Seven of Britain’s most senior judges have ruled that the Tories’ system of employment tribunal (ET) fees “effectively prevents access to justice”, is “unlawful” and “must be quashed”.
In a Supreme Court judgement issued today, Wednesday, they also argued that the system was “from the outset, destined to infringe constitutional rights”.
The ruling is a major legal victory for workers seeking some legal redress for claims such as unfair dismissal, equal pay or discrimination at work. Introduced in 2013, fees of up to £1,200 for workers to have their case heard were designed by the Tories to allow bosses to abuse workers without the prospect of legal redress.
Even though ETs often do not rule in favour of workers, the Tories sought to frustrate justice even more.
It has taken four years for this case to be won after it was rejected in several lower courts.
This should be a spur to win over cuts to legal aid - and to beat the wider anti-union laws.
The Unison union argued that ET fees discriminated against women and other groups of workers, a view supported by the judges. The union’s general secretary Dave Prentis said the ruling was “the most significant judicial intervention in the history of British employment law”.
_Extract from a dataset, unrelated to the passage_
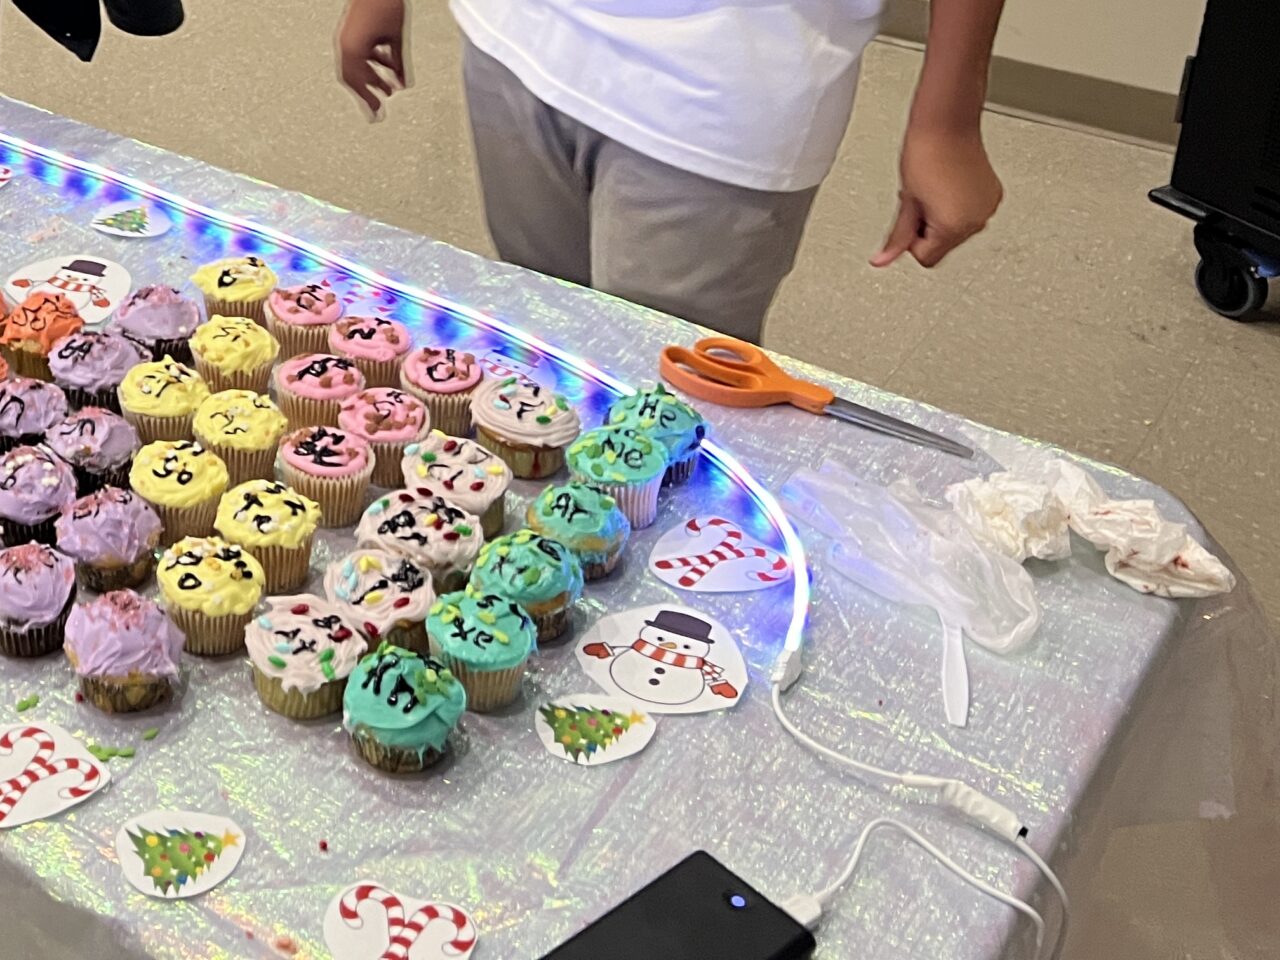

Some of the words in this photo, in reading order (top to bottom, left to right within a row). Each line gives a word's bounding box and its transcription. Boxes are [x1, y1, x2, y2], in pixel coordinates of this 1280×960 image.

Unison said the government will now have to cough up more than £27 million to the thousands of workers charged for taking claims to tribunals.
The Supreme Court judgement revealed the severe impact fees have had.
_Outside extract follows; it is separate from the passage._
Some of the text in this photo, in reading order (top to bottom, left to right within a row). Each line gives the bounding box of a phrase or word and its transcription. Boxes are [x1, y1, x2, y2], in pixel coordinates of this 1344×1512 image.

In 2015 the Acas conciliation service published “figures relating to claimants who were unable to resolve employment disputes through conciliation but who did not go on to issue ET proceedings.
“The most frequently mentioned reason for not submitting an ET claim was that the fees were off-putting. More than two thirds of the claimants who gave that reason said that they could not afford the fees.”
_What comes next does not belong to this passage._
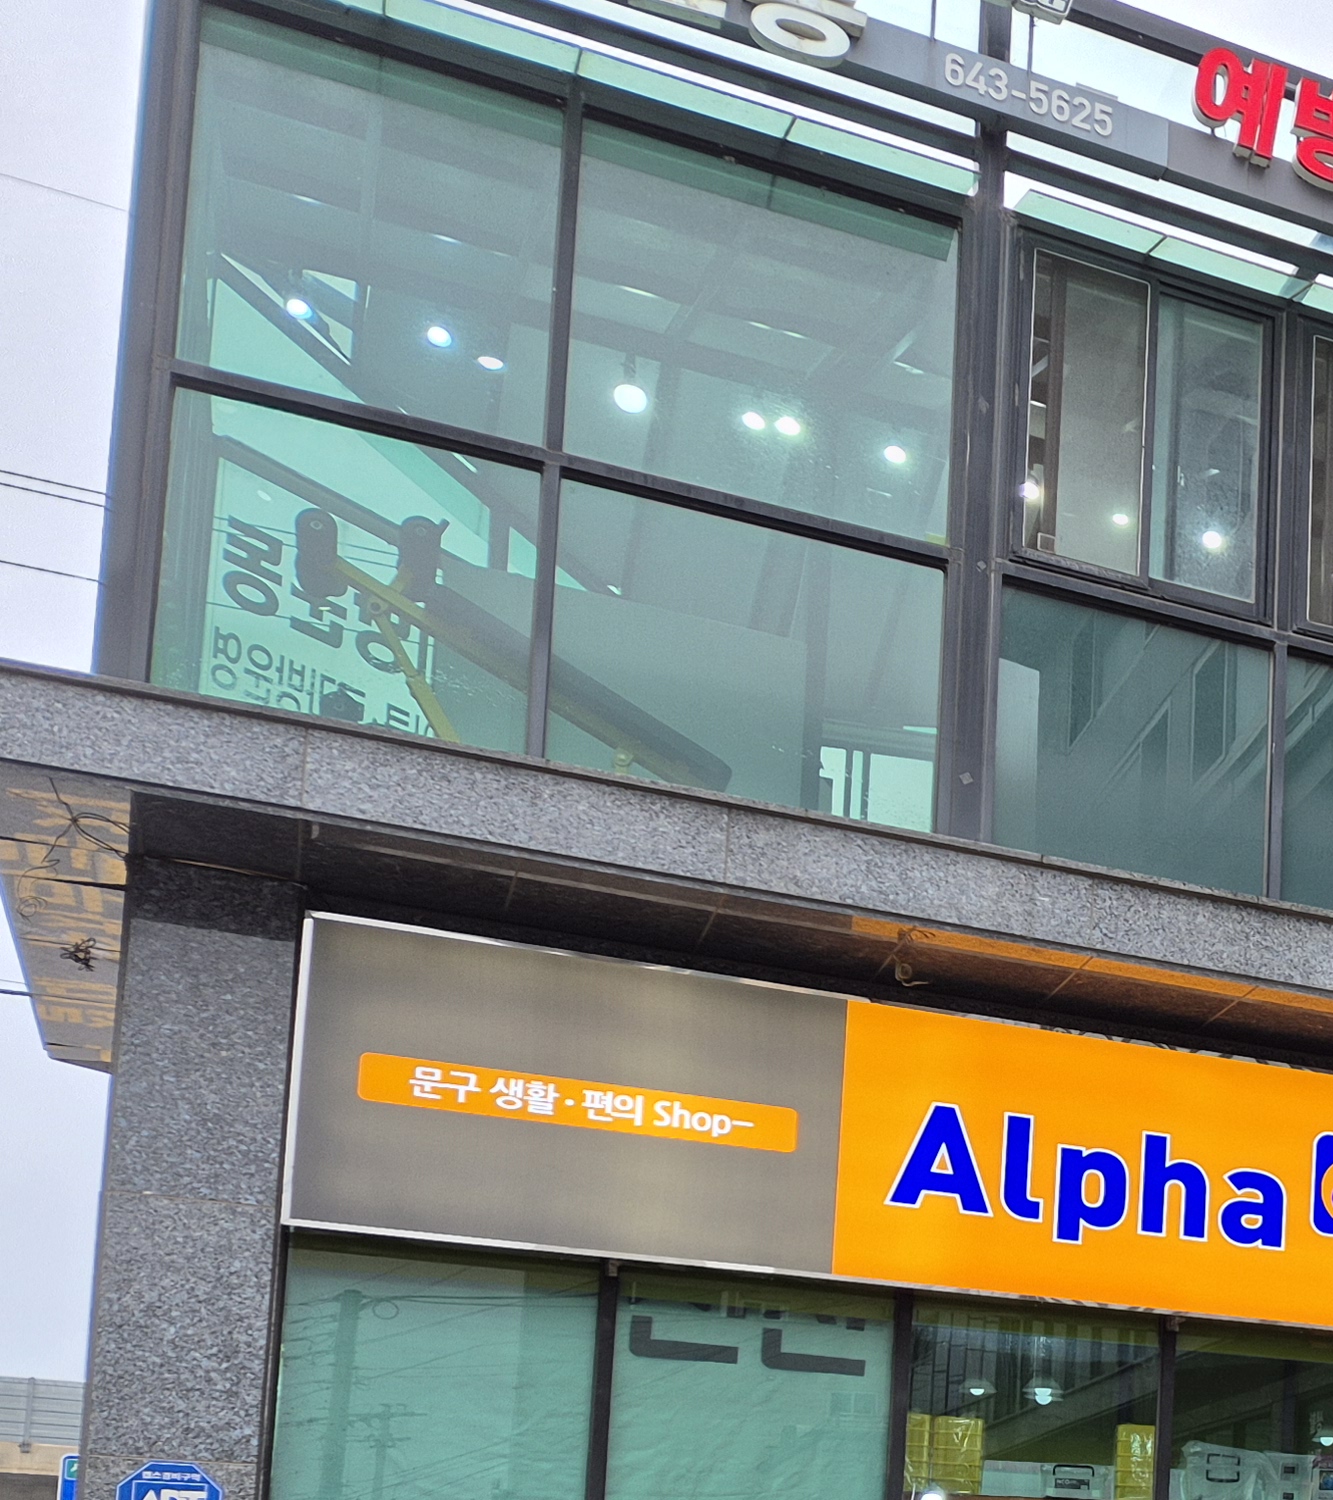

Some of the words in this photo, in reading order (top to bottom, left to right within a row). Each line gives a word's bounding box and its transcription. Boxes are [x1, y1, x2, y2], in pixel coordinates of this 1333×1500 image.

[944, 52, 1115, 137] 643-5625
[409, 1065, 482, 1105] 문구
[883, 1100, 1286, 1252] Alpha
The Ministry of Justice’s (MoJ) own report in January 2017 concluded that “a sharp, substantial and sustained fall” in ET cases had occurred “as a result of the introduction of fees”.
The judges said this fall warranted the conclusion that “a significant number of people who would otherwise have brought claims have found the fees to be unaffordable”.
The MoJ’s conclusion, partly based on the Acas research, was that in 2014-2015 alone those who found fees “off-putting” amounted to “around 8,000” workers.
The number of people who contacted Acas and who did not proceed to make an ET claim rocketed from 22 percent before fees were introduced to 80 percent by the second year of the fees system.
The MoJ claimed that this showed conciliation helped more people to avoid the need to go to ETs but statistics show that the proportion of cases settled at Acas decreased after fees were introduced.
The state’s defence revealed the contempt working class people are held in. The government argued that people could afford the fees if they gave up items such as alcohol, new clothes and social events.
But the Supreme Court said that the “fundamental problem” was that accessing a tribunal was only “by sacrificing the ordinary and reasonable expenditure required to maintain what would generally be regarded as an acceptable standard of living”.
The court said, “It is the practical compulsion which many potential claimants are under, which makes the fall in the number of claims indicative of something more than a change in consumer behaviour.”
It added, “The question whether fees effectively prevent access to justice must be decided according to the likely impact of the fees on behaviour in the real world. Fees must therefore be affordable not in a theoretical sense, but in the sense that they can reasonably be afforded.”
This is a welcome victory, but we can’t rely on ETs or the courts.
The fundamental way workers will win is through organisation, campaigns, protests and strikes.